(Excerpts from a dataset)
--- START ---
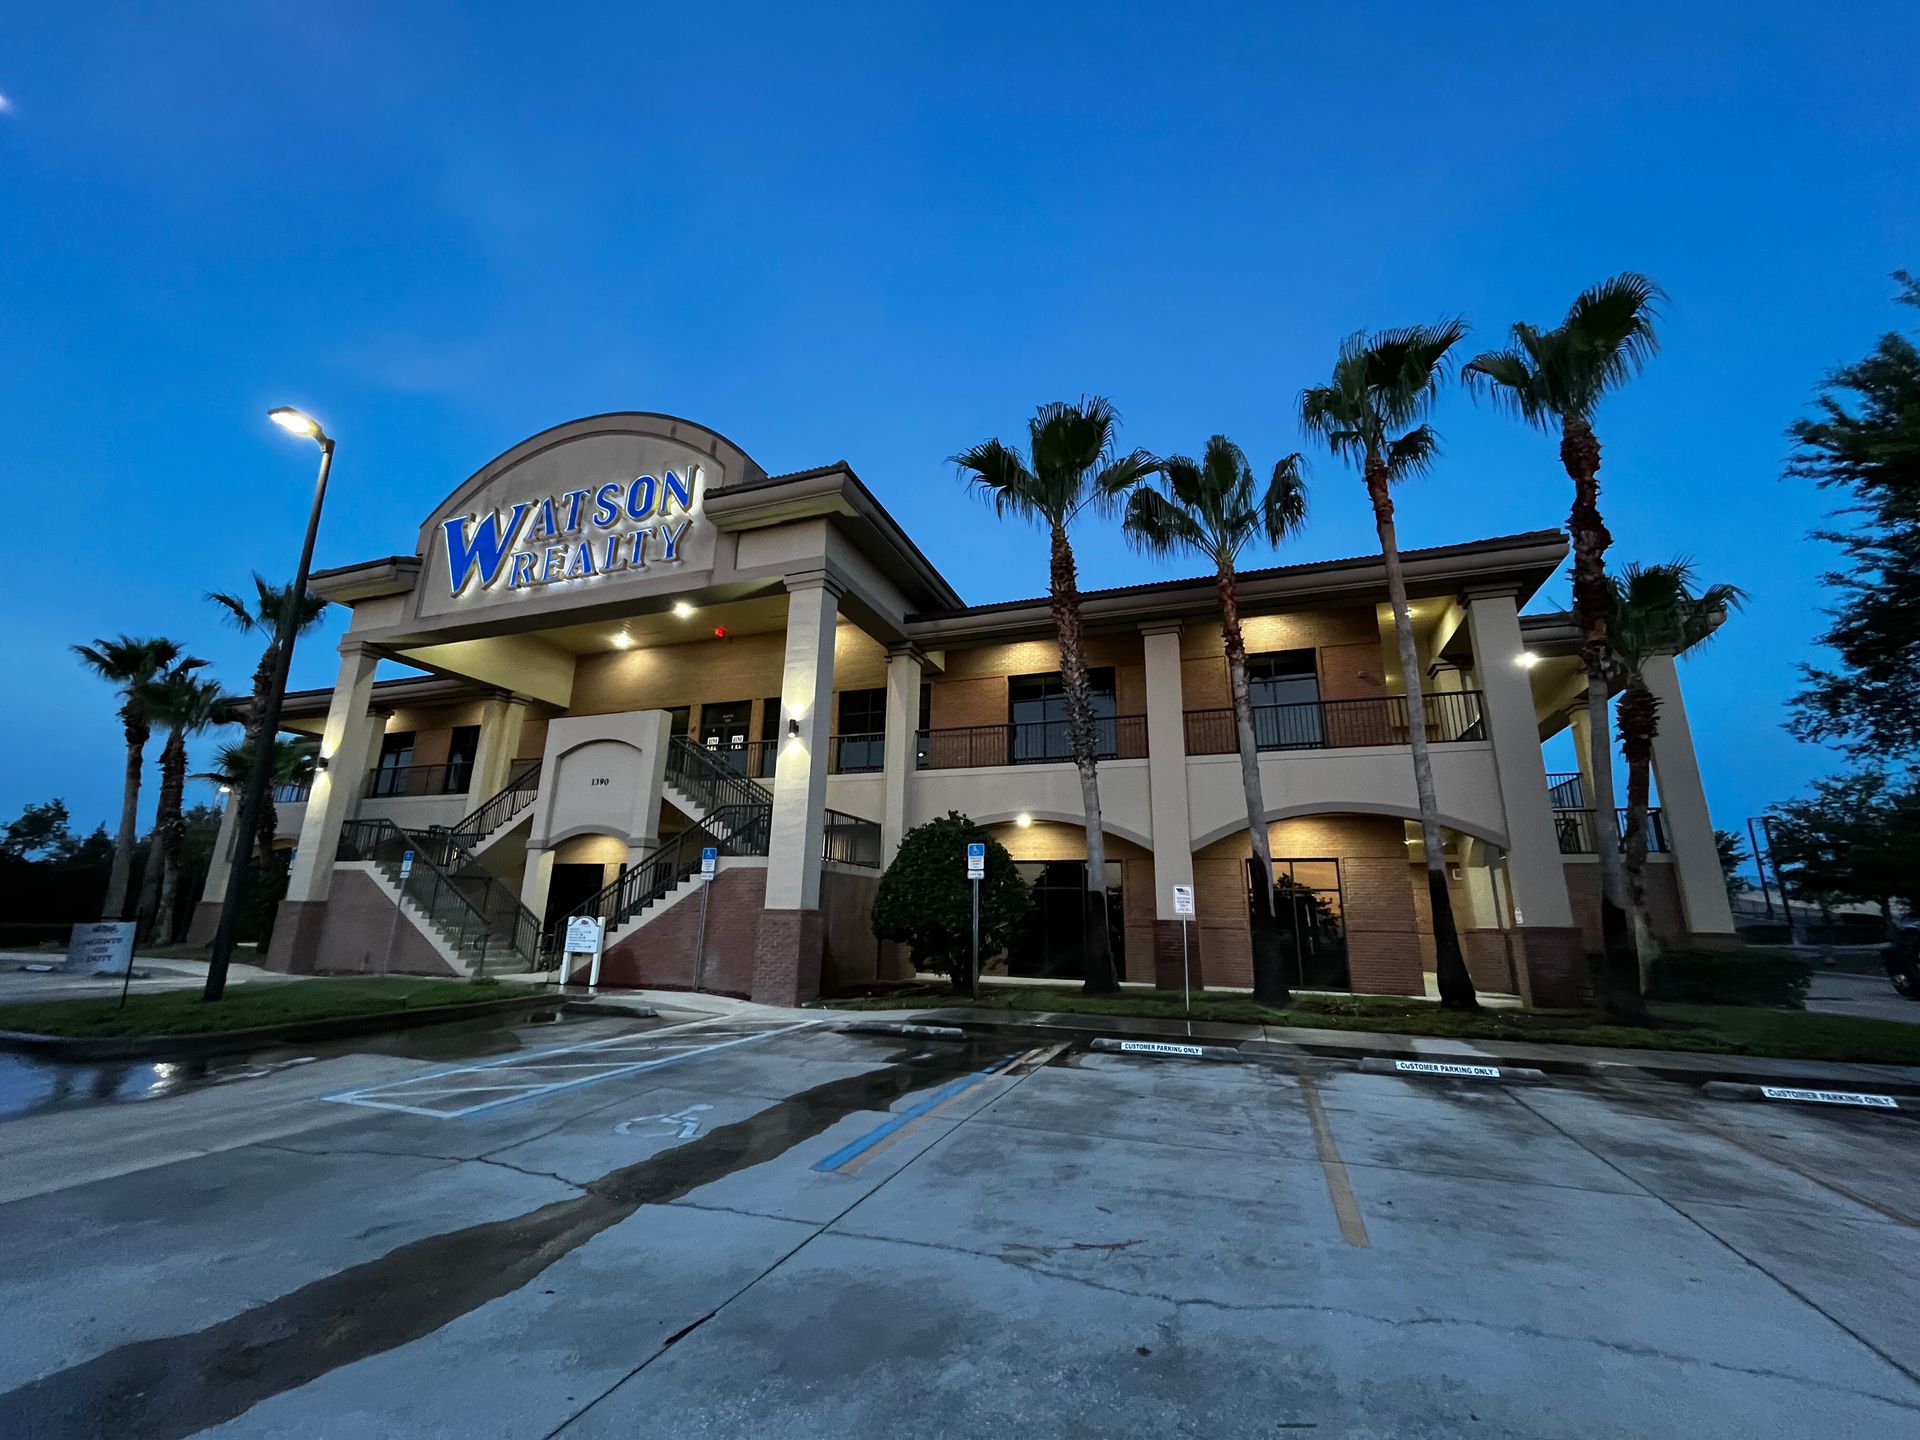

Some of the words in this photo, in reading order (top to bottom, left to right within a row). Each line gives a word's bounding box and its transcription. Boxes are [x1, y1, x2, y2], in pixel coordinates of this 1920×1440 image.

[442, 464, 698, 598] WATSON
[506, 519, 692, 590] REALTY
[591, 778, 610, 786] 1390
[1156, 1045, 1182, 1053] PARKING
[1400, 1062, 1439, 1072] CUSTOMER
[1440, 1065, 1472, 1074] PARKING
[1767, 1089, 1818, 1100] CUSTOMER
[1820, 1093, 1863, 1104] PARKING
[1864, 1096, 1890, 1105] ONLY
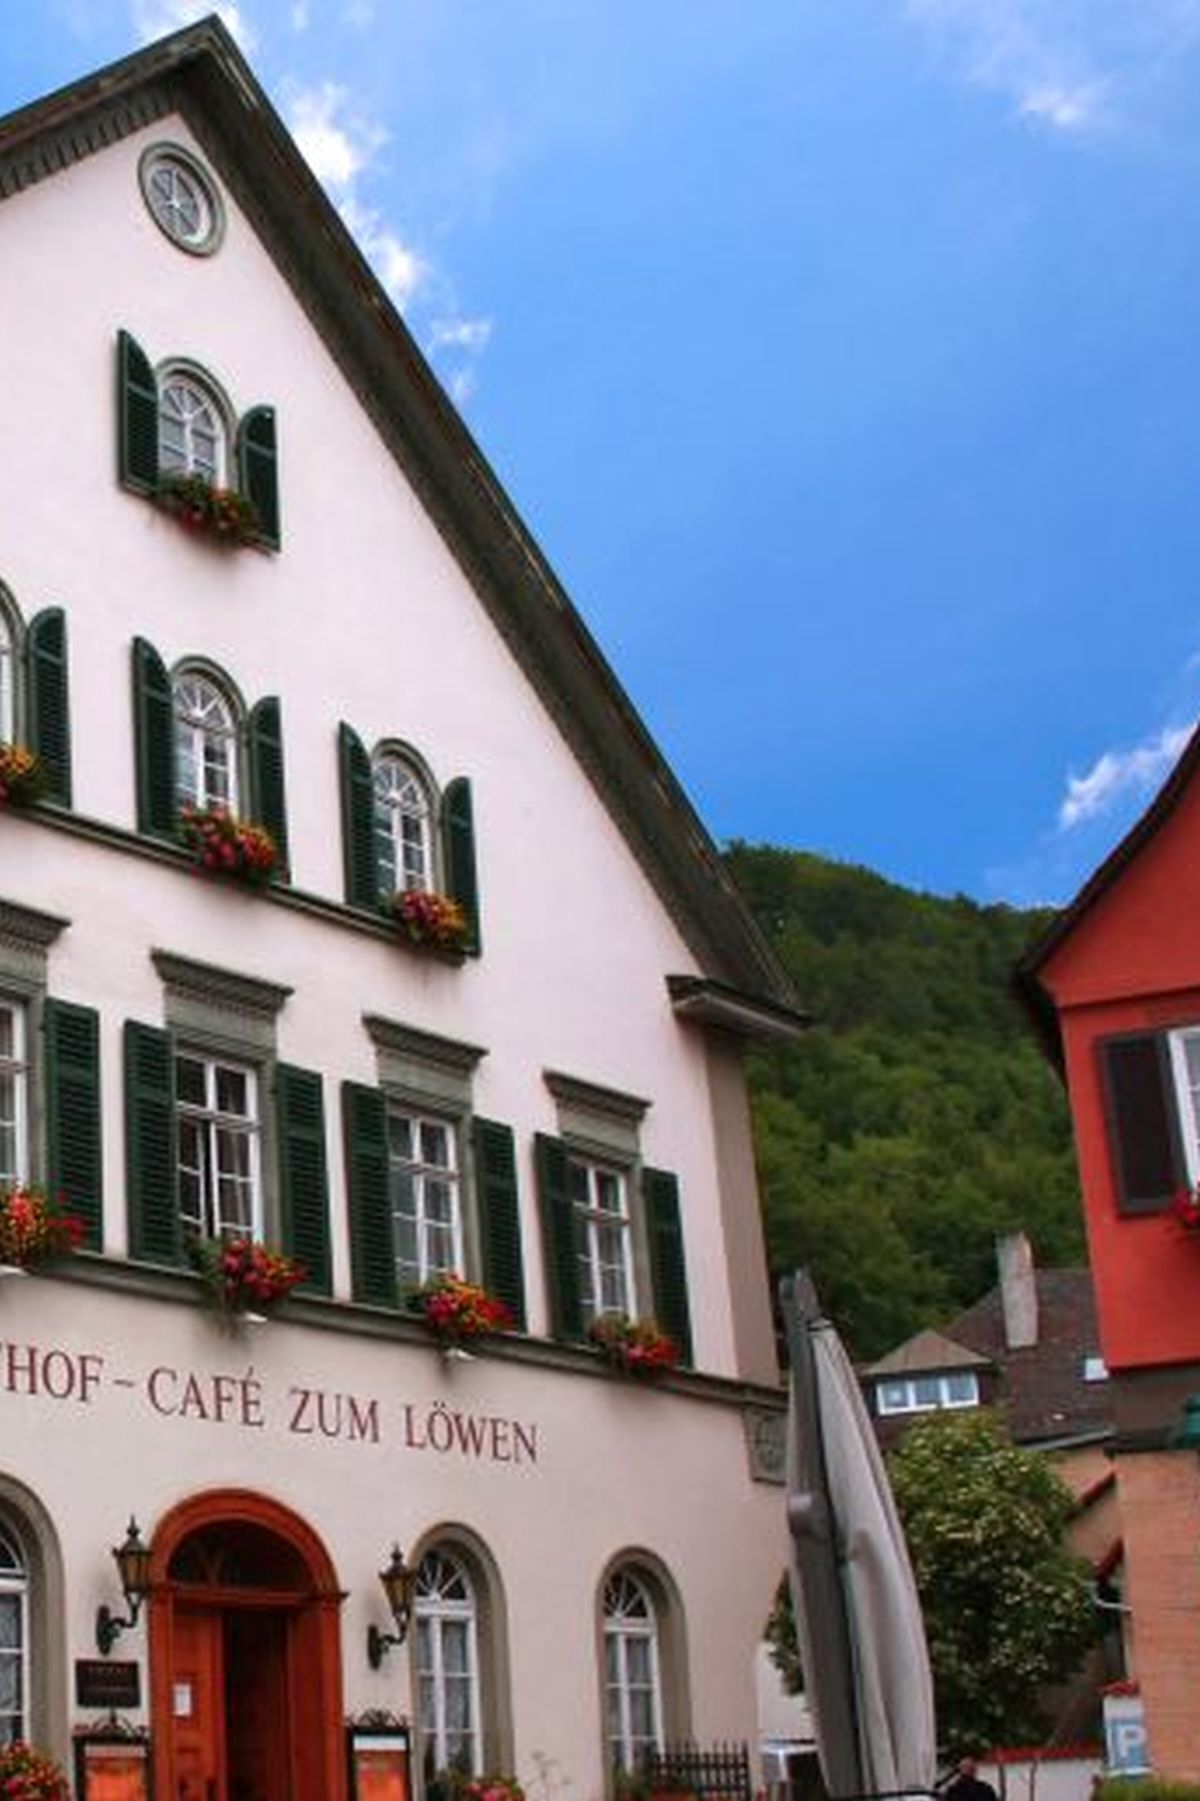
--- END ---
◆ **WORK REQUIRED**
Set down the data above exactly as written. Omit the pictures.

◆ **RESPONSE**
Some of the words in this photo, in reading order (top to bottom, left to right within a row). Each line gives a word's bounding box and its transcription. Boxes are [x1, y1, x2, y2], in pixel coordinates of this 1920×1440 image.

[442, 464, 698, 598] WATSON
[506, 519, 692, 590] REALTY
[591, 778, 610, 786] 1390
[1156, 1045, 1182, 1053] PARKING
[1400, 1062, 1439, 1072] CUSTOMER
[1440, 1065, 1472, 1074] PARKING
[1767, 1089, 1818, 1100] CUSTOMER
[1820, 1093, 1863, 1104] PARKING
[1864, 1096, 1890, 1105] ONLY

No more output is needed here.